The New York Times isn't just suing over stolen articles anymore. Now they're saying Microsoft built the whole damn machine — a supercomputer designed to rip off copyrighted work at industrial scale.
Last week, the paper filed an amended complaint in its copyright lawsuit against OpenAI and Microsoft, and let me tell you, this thing has teeth. The new filing claims Microsoft constructed a supercomputer specifically to train OpenAI's models on copyrighted material — and knew exactly what it was doing.
This isn't just a legal tweak. It's a strategic pivot, timed perfectly after the Supreme Court handed down a ruling that shook the copyright world.
What the Supreme Court Changed
Earlier this month, SCOTUS ruled against Sony in a case that limited fair use protections for tech companies that copy massive amounts of data. The decision sent shockwaves through the AI industry, which has long leaned on fair use as its get-out-of-jail-free card.
Now the NYT is using that ruling like a crowbar. The amended complaint argues that Microsoft's supercomputer — built with tens of thousands of GPUs and custom networking — wasn't just a neutral tool. It was a deliberate infrastructure designed to ingest copyrighted news articles without permission.

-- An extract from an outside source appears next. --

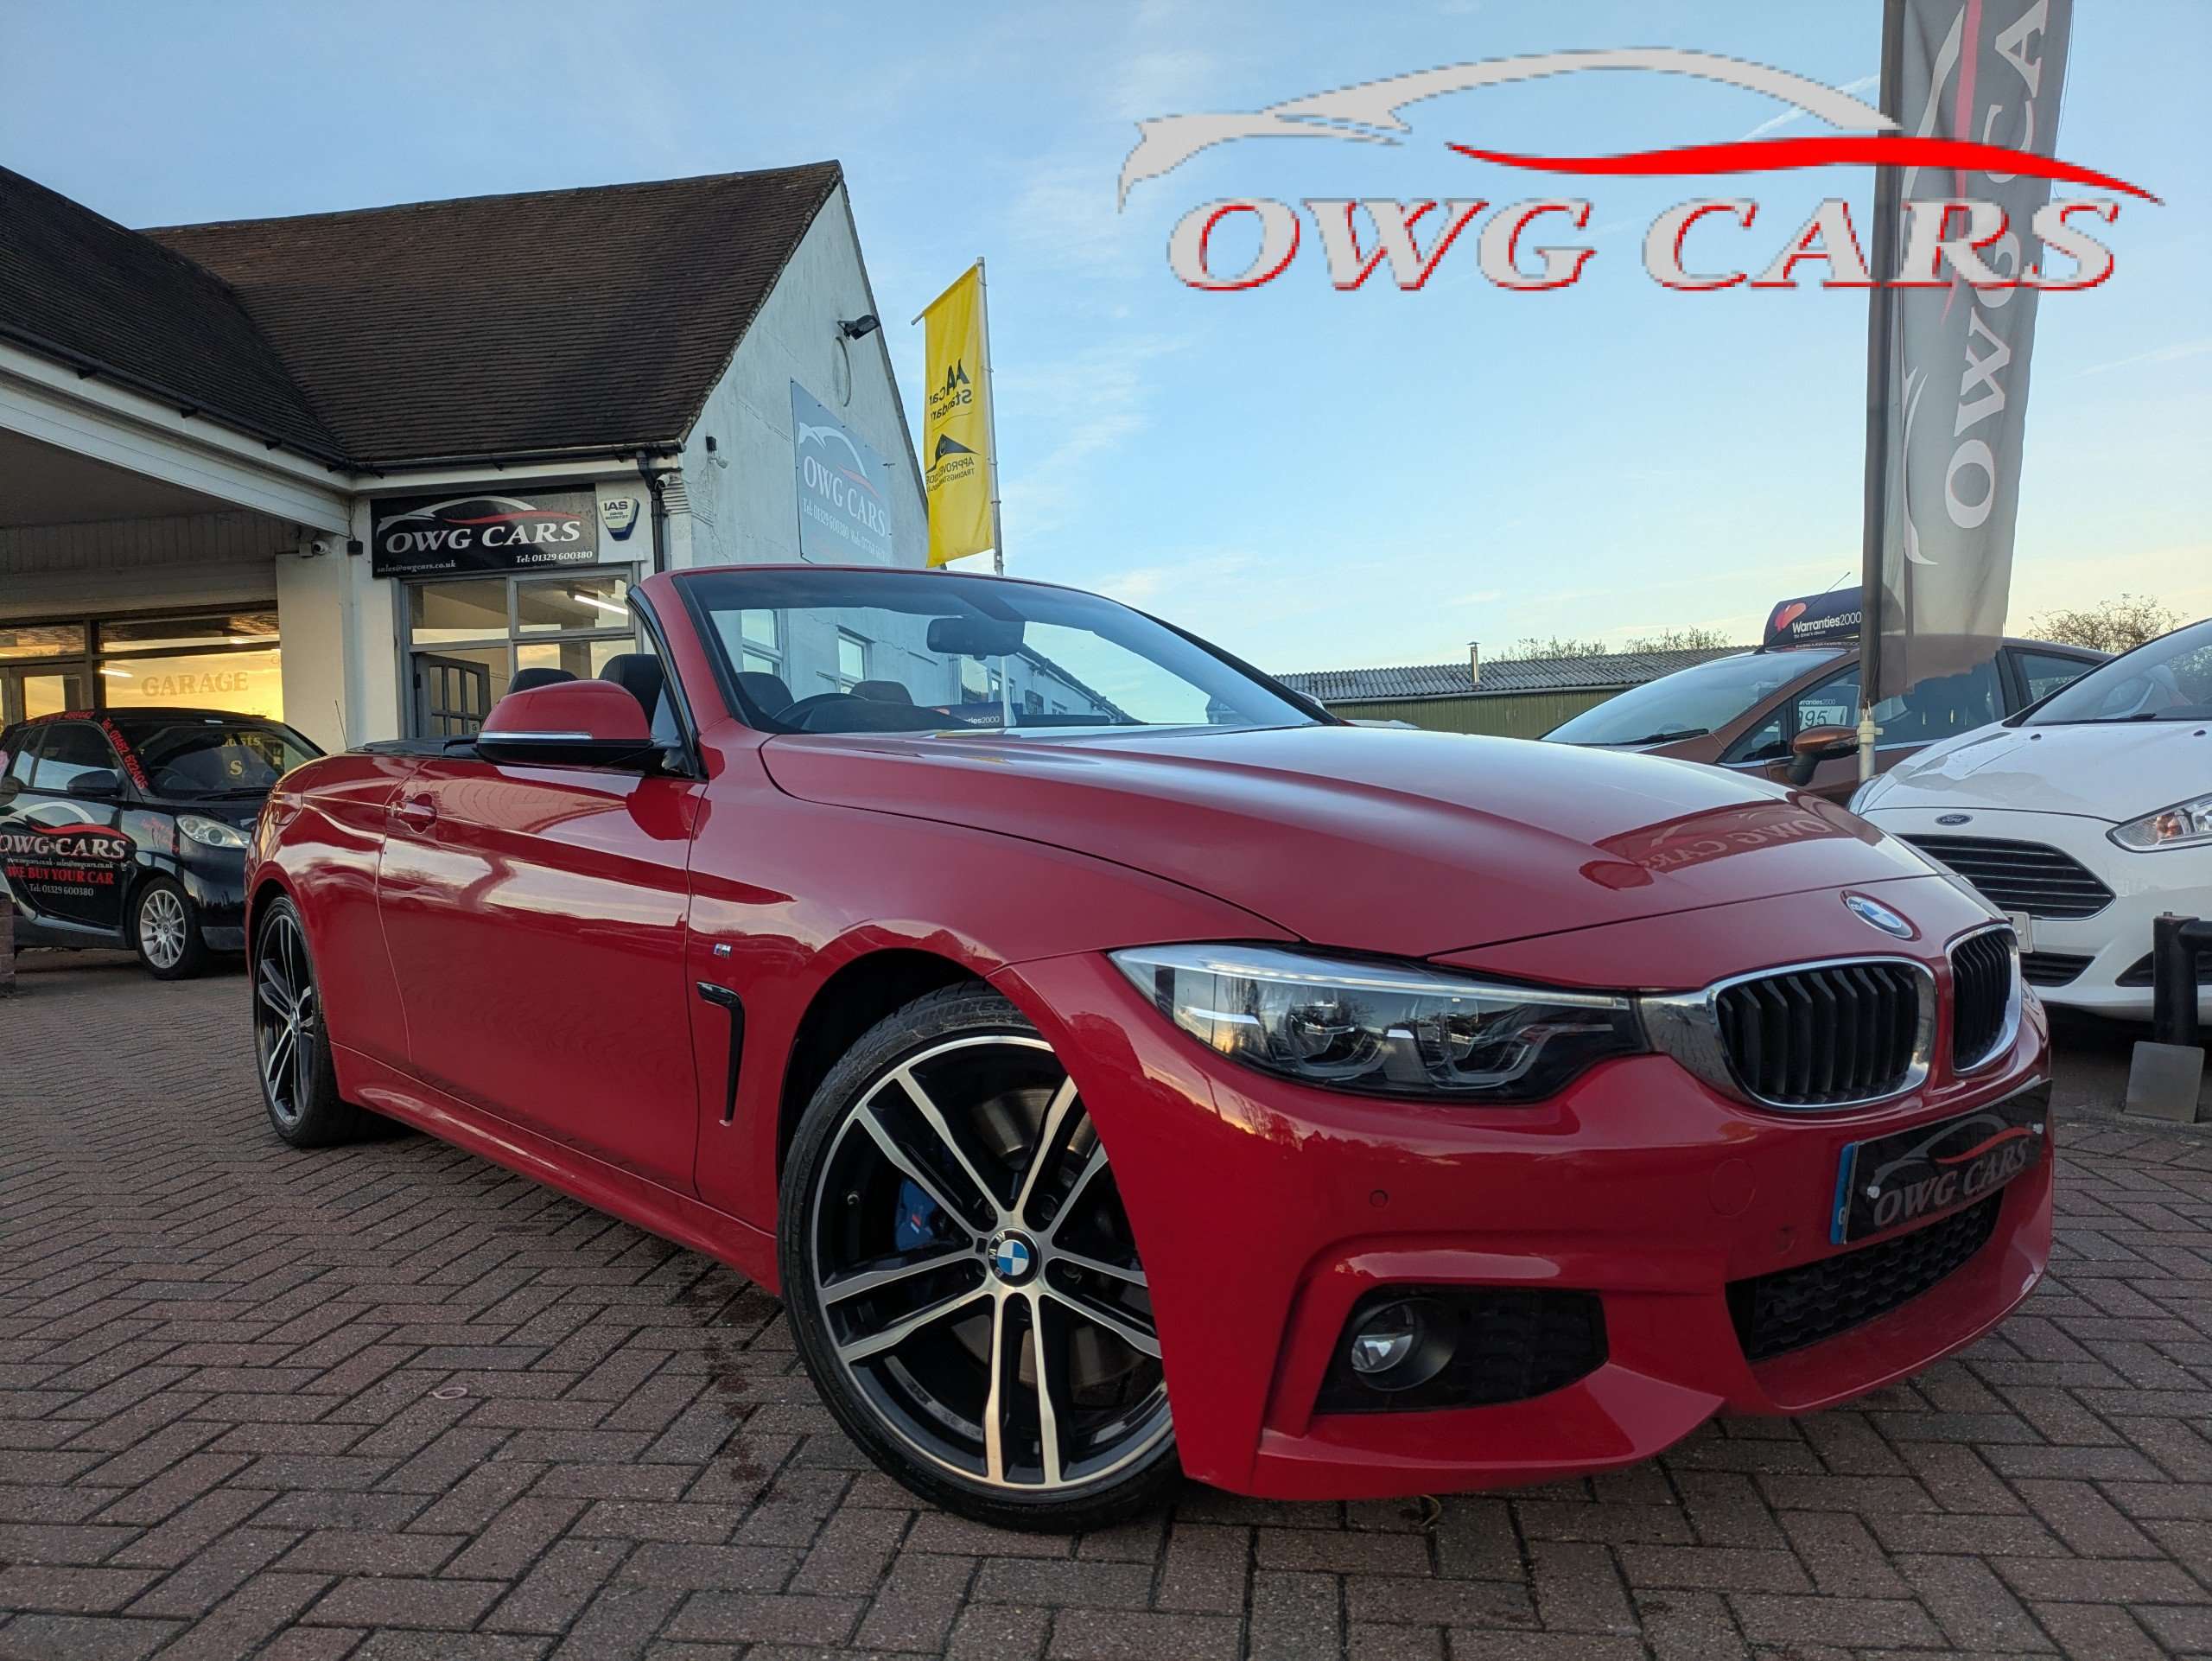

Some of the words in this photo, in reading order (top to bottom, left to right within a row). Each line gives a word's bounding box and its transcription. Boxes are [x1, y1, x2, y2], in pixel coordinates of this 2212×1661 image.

“Microsoft didn't just write a check,” the complaint states. “They built the engine that powers this infringement.”
The Supercomputer Nobody's Talking About
Details about the machine are sparse, but sources familiar with the project say it's one of the largest supercomputers on the planet. Microsoft invested billions to create a cluster capable of training models like GPT-4. The system is optimized for massive data throughput — exactly the kind of hardware you'd need to scrape and process the entire internet, including paywalled content.
The NYT claims Microsoft knew the data being fed into that machine included copyrighted Times articles. Emails and internal documents reportedly show engineers discussing how to avoid detection or legal blowback.
“They built a copyright-infringement factory,” said a legal expert who reviewed the filing. “If the court buys this argument, Microsoft is in deep trouble.”
OpenAI Plays Dumb, Microsoft Plays Silent
OpenAI has consistently argued that training on publicly available data falls under fair use. But the NYT's new approach shifts the focus to Microsoft, which has deeper pockets and a more explicit role in the infrastructure.
Microsoft declined to comment on the specific allegations, but a spokesperson reiterated that the company respects intellectual property rights and believes its AI partnerships are lawful. OpenAI didn't respond to requests for comment.
Meanwhile, the NYT isn't backing down. The paper is asking for damages that could run into the billions, and perhaps more importantly, an injunction that would force Microsoft to dismantle or repurpose the supercomputer.
“If the NYT wins, every tech company building AI infrastructure will have to rethink how they handle training data. This could reshape the industry.”
Why This Matters Beyond the Newsroom
This isn't just a fight between a newspaper and a tech giant. It's a test case for the entire generative AI economy. If Microsoft can be held liable for building supercomputers that train on copyrighted data, then Google, Amazon, and every startup with a GPU cluster faces the same risk.
The entertainment industry is watching closely. Hollywood studios, music labels, and book publishers have all sued AI companies over training data. But none have gone after the hardware provider directly.
“This is brilliant lawyering,” said a copyright attorney not involved in the case. “By targeting the infrastructure, they're going after the one thing AI companies can't easily replace.”
The Human Cost
Lost in the legal jargon is the fact that real journalists wrote those articles. Real reporters spent weeks investigating stories, only to have their work scraped into a machine that spits out cheap imitations.
The NYT employs over 1,700 journalists. Many of them watched their bylines get fed into an algorithm without consent or compensation. This lawsuit isn't just about money — it's about whether human creativity can survive in a world where machines can replicate it for free.
One veteran reporter told me: “We're not Luddites. We use AI tools in the newsroom. But if they can just take our work and sell it back to us as a chatbot, what's the point of paying us?”
What Happens Next
The case is in the early stages. Discovery will likely reveal more emails, more technical specs, and more embarrassing admissions. Microsoft will fight hard — this case threatens not just the OpenAI partnership but its entire Azure AI business.
The NYT has already won round one by shifting the narrative. Now it's about proving that a supercomputer can be a tool of copyright infringement, not just a neutral box of circuits.
If they succeed, the AI industry will never be the same. And maybe that's exactly what needs to happen.
You want to know who built the machine that's eating the internet? Microsoft did. And they're about to pay for it.